Tuesday 28 July 2009

No worries - no booze zones can fix everything.


Last week Dick Puddlecote, who would have put on the blog roll last week if fucking Apple hadn't had my computer*, brought up something I'd been meaning to comment on:
A man in Western Australia was engulfed in flames when police officers fired a Taser stun gun at him.

Police say they used the Taser on Ronald Mitchell, 36, when he ran at them carrying a container of petrol and a cigarette lighter.

They said that Mr Mitchell, who lives in a remote Aboriginal community, had been sniffing petrol.
Carrying petrol and a lighter, so they fired a massive spark plug at him. There's clever.
Yep, launching sparky things at people with petrol cans was probably something they wish they hadn't. But considering they could simply have shot him the officers involved might have been thinking that the Taser was the better option, and in fairness the newspaper reports here did say that it's unclear whether the fumes were ignited by the Taser or the guy's own lighter. Still, it seems that the WA Police guideline - emphatically not a hard and fast rule you'll notice - is not to use Tasers around flammable liquids, presumably because the manufacturer says it's not a terribly bright idea:
Mr O'Callaghan [WA Police Commissioner] said police were trained not to use Tasers around flammable liquids but this was not a strict rule.
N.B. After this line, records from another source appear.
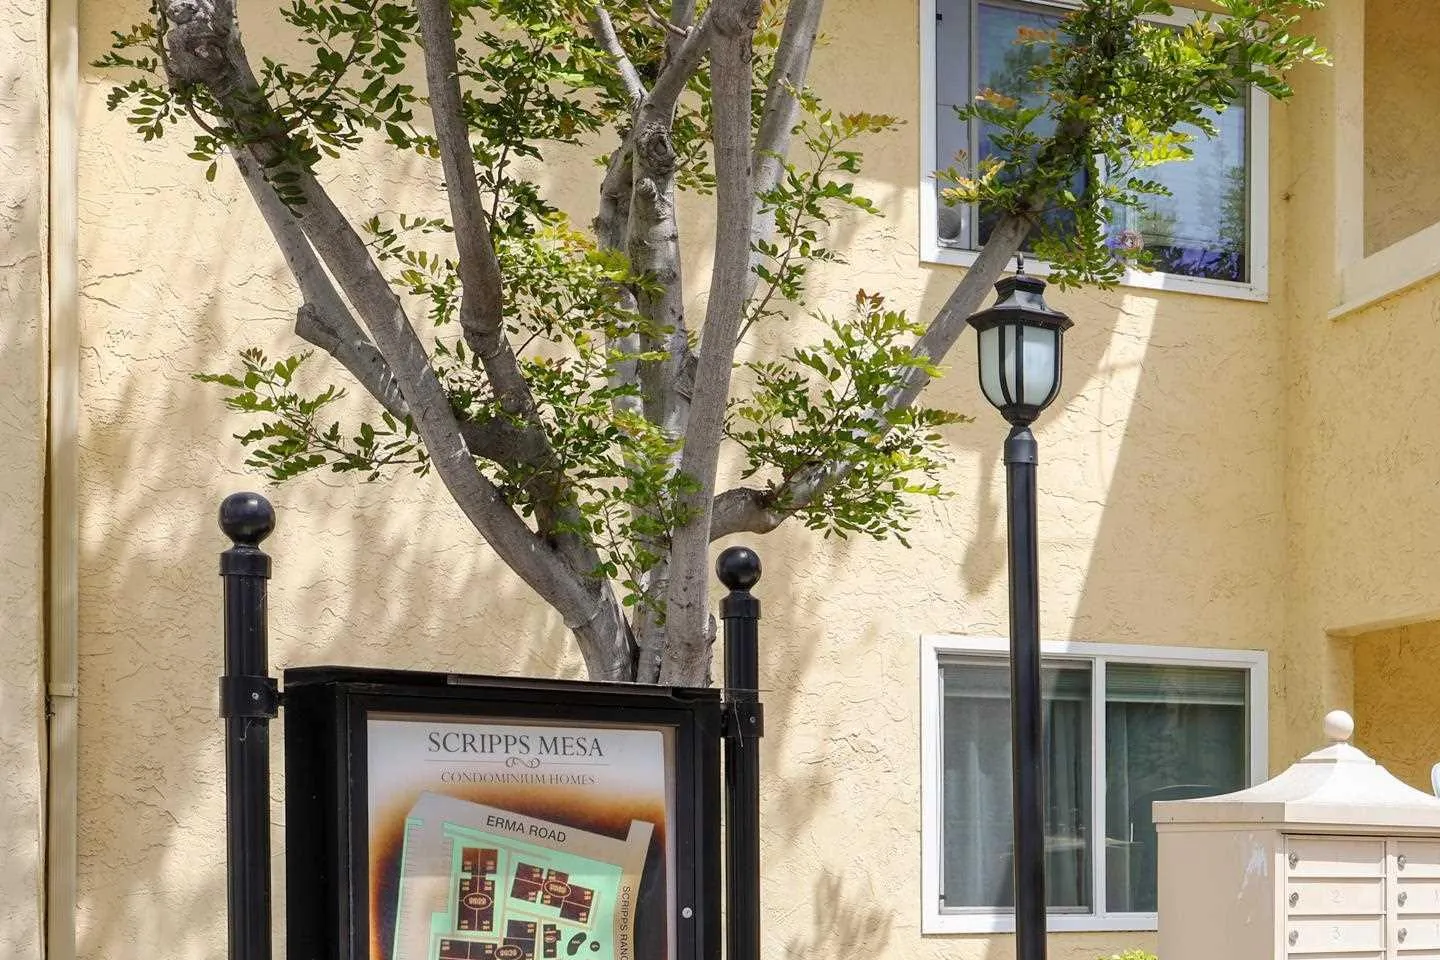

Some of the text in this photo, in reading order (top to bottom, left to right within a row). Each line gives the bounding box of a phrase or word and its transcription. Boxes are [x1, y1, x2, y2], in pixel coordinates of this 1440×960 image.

[427, 731, 604, 757] SCRIPPS MESA
[440, 770, 596, 785] CONDOMINIUM HOMES
[486, 814, 567, 844] ERMA ROAD
[620, 886, 631, 932] SCRIPPS
[1332, 926, 1342, 940] 3
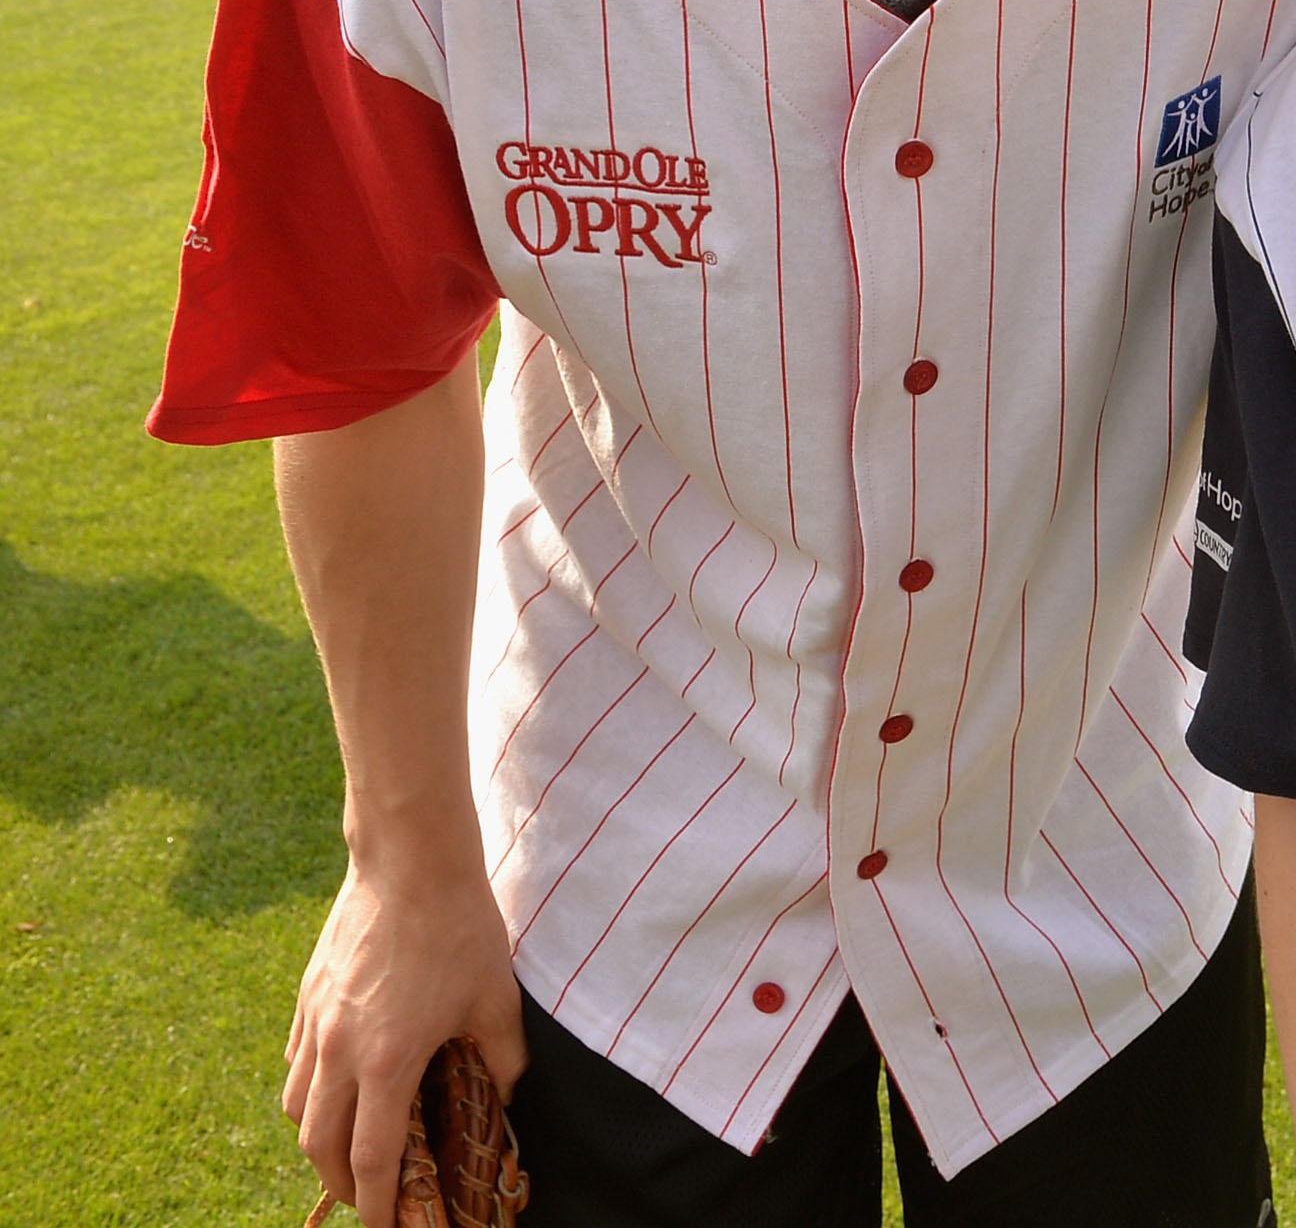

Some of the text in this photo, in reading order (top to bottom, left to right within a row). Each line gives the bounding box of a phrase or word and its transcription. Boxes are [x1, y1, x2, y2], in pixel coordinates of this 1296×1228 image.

"The situation here was that the police officers were confronted with a person who was prepared to set light to them and himself and they deployed a weapon. The only other choice that they had was to use a police-issued firearm and the circumstances would almost certainly be far more grave."

George Hateley from Breon Enterprises, the distributor of the guns in Australia, said firing a Taser around petrol could certainly cause a fire.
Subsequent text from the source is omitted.